Надев шляпу, я вышел из дома,
смеркалось,—
И запер на ключ свою дверь.
В день холодный, когда стынут даже мечты,
Мне приснился забавный сон:
В дом вернулась одна лишь шляпа.
Вы посмотрите — 44 года прошло… ну, 43, а я это помню. Это здорово. Я даже не буду сейчас это сверять по оригиналу, но это так. И там же меня поразила фраза: «Почему все не мое? Потому что все уже чье-то». Вот мир человека, у которого все отнято — это мир Кобо Абэ. Да, в дом вернулась одна лишь шляпа, греза об исчезновении себя: как-то меня больше нет — какое счастье, я куда-то делся. Вот это очень интересно.
В этом смысле, пожалуй, самое интересное его сочинение для театра — это пьеса «Призраки среди нас», которая шла на сцене МХАТа, и там потрясающей силы был монолог главного героя, его обращение в зал. Он говорит: «Мы окружены призраками. Вы вдыхаете призраков, вы проходите в толпе призраков». Это было потому ещё так гениально, что любимая мысль, тоже одна из любимых мыслей Кобо Абэ, что мир — это вот то, что остается от бесчисленных мертвых. Мы их не видим, не ощущаем, но мир — это место, это памятник, мир, где были бесчисленные мертвые люди, чьего присутствия мы не ощущаем, но это памятник им, это то, что ими сотворено, то, на что мы наступаем. Ну, это горсть праха, мы ходим по праху бесчисленных мертвых. Это позволяет ощутить жизнь гораздо острее.
Для меня это не очень понятно и не очень близко, потому что знаете, я как-то БГ спросил, в чем его отношение к культуре Востока, почему она ему так важна. Он сказал: «Вот у японцев мир, построенный вокруг смерти, потому что там, в Японии, все строится вокруг идеи предела». Очень маленькие острова и очень мало суши, она со всех сторон окружена водой, как жизнь со всех сторон окружена смертью. И надо жить на этом пятачке, где идея предела, правил, закона, чести, кодекса — она все время тебя караулит, на каждом шагу. Отсюда огромная важность самоубийства и отсюда самурайский кодекс, отсюда призыв Ямамото Цунэтомо: «Живи так, как будто уже умер».

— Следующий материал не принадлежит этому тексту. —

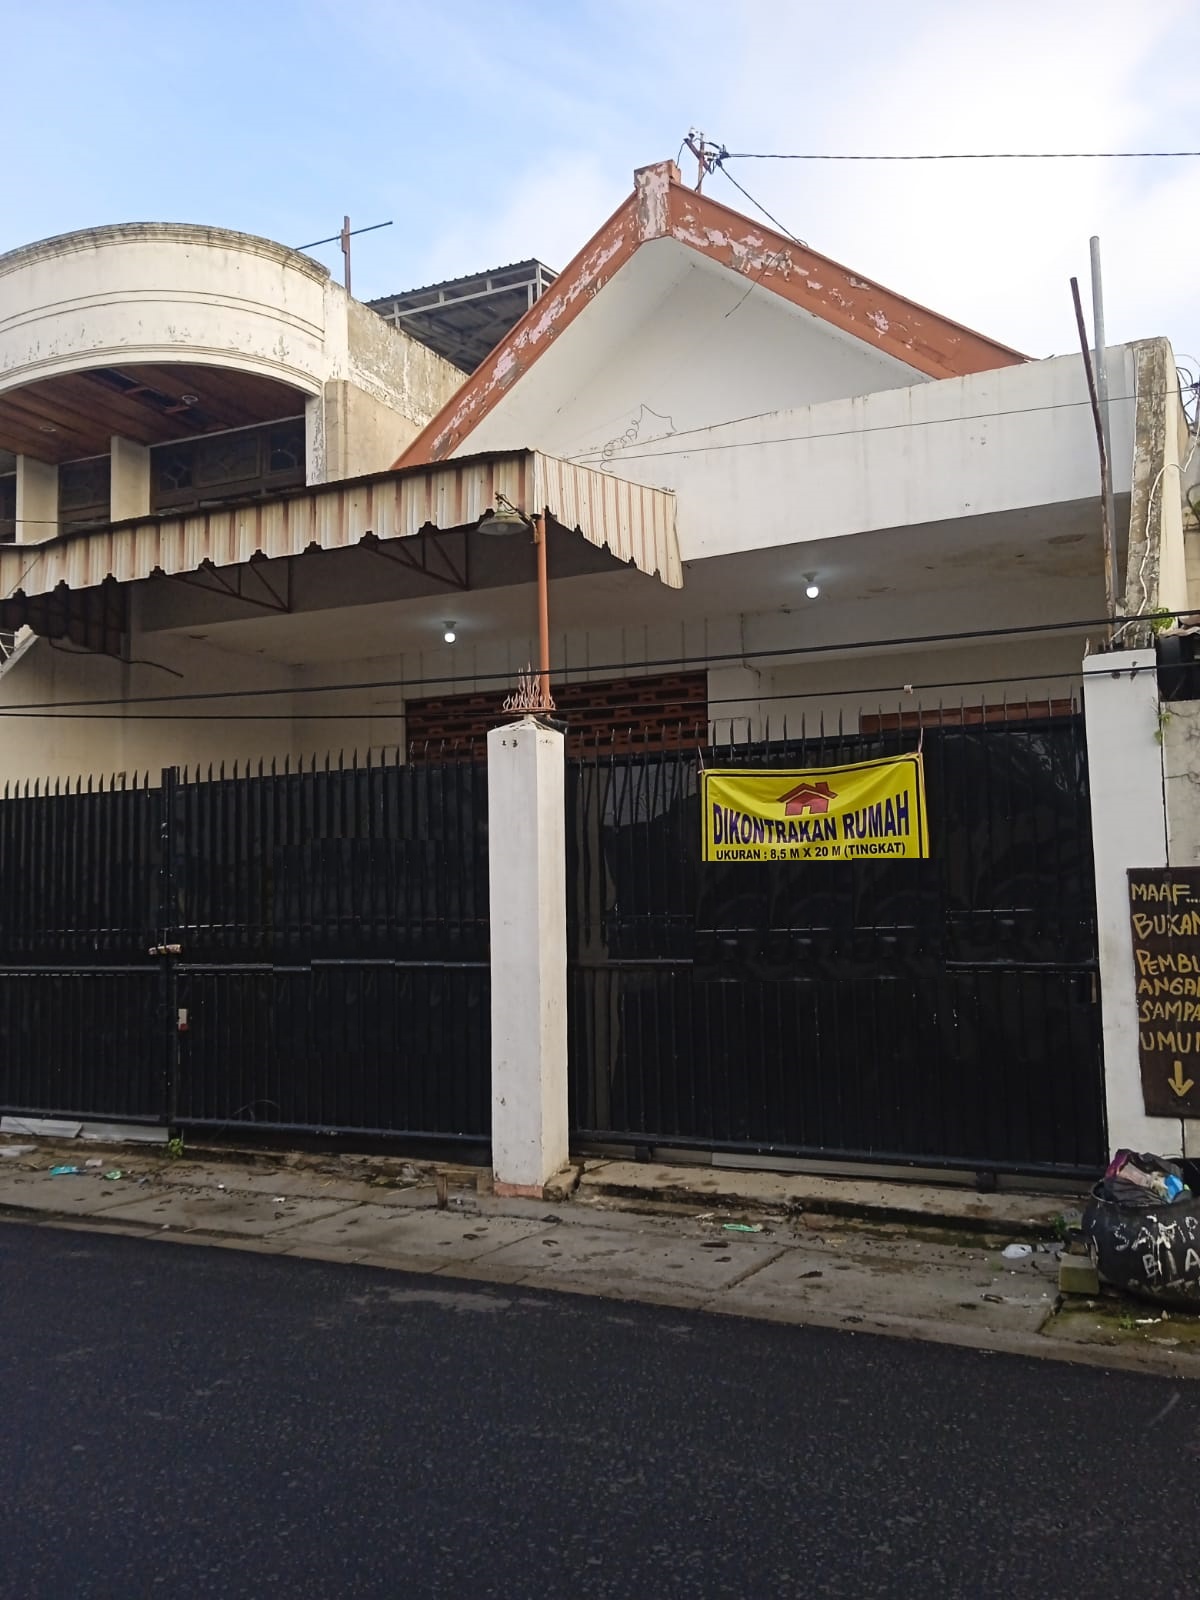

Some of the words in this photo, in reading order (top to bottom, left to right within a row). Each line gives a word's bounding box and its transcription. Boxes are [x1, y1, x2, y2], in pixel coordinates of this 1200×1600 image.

[713, 803, 837, 844] DIKONTRAKAN
[843, 790, 909, 839] RUMAH
[716, 849, 761, 860] UKURAN
[770, 848, 787, 860] 8,5
[790, 848, 799, 858] M
[803, 847, 812, 858] X
[815, 847, 828, 857] 20
[832, 846, 841, 856] M
[844, 842, 906, 858] (TINGKAT)
[1138, 976, 1200, 997] ANGA

Вот у Кобо Абэ это тоже очень существенно, мир — это результат бесчисленных смертей, и мы ходим по праху и сами им становимся. Вот это чувство, которое было в «Призраках среди нас», оно для меня не органично, я-то вырос в очень большой стране, где идея предела нам совершенно чужда. Но тем не менее мне это близко. Я из всех японцев, наверное, больше всего люблю, конечно, Акутагаву. Очень мне нравится Мисима — не весь, разумеется, но «Исповедь маски» (вот опять вам идея маски), и конечно, «Golden Shrine», «Золотой храм», который я впервые ещё по-английски прочел, а потом в замечательном переводе Чхартишвили.

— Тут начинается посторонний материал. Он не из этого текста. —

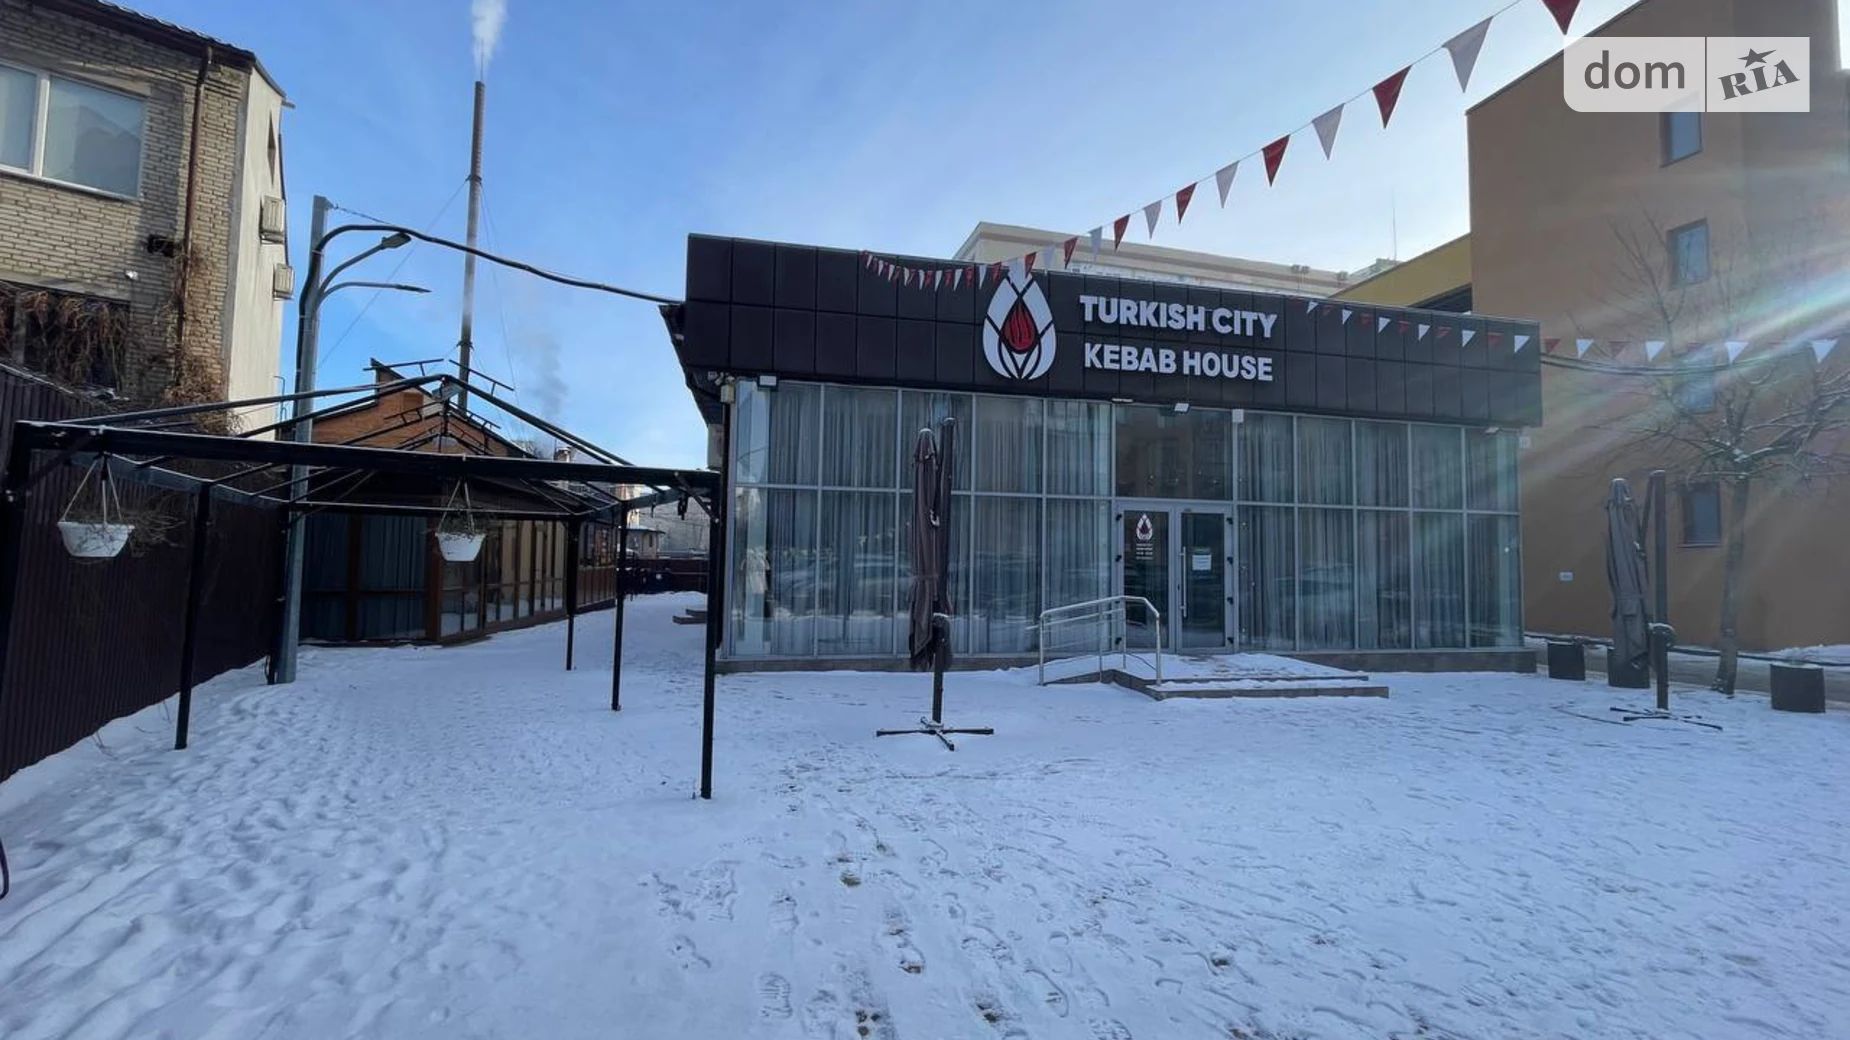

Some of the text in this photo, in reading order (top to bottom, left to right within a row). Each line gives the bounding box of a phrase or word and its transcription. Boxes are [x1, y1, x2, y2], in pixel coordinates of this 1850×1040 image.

[1079, 295, 1278, 338] TURKISH CITY
[1084, 343, 1274, 382] KEBAB HOUSE

Для меня из всех японцев, наверное, ещё очень мил, конечно, Оэ Кэндзабуро, но не будем забывать, что именно Оэ Кэндзабуро, нобелевский лауреат, сказал, что лучшим писателем Японии всех времен был, конечно, Кобо Абэ. Вот почему он был так близок в СССР — понятно, потому что повесть «Четвертый ледниковый период» предусматривала коммунизм, как в общем такое наиболее вероятное будущее человечества. Как ни странно, вот эту повесть я помню хуже всего, её мне надо перечитать. Но сама по себе идея такой напрямую буквализованной и реализованной метафоры — эта идея очень красивая.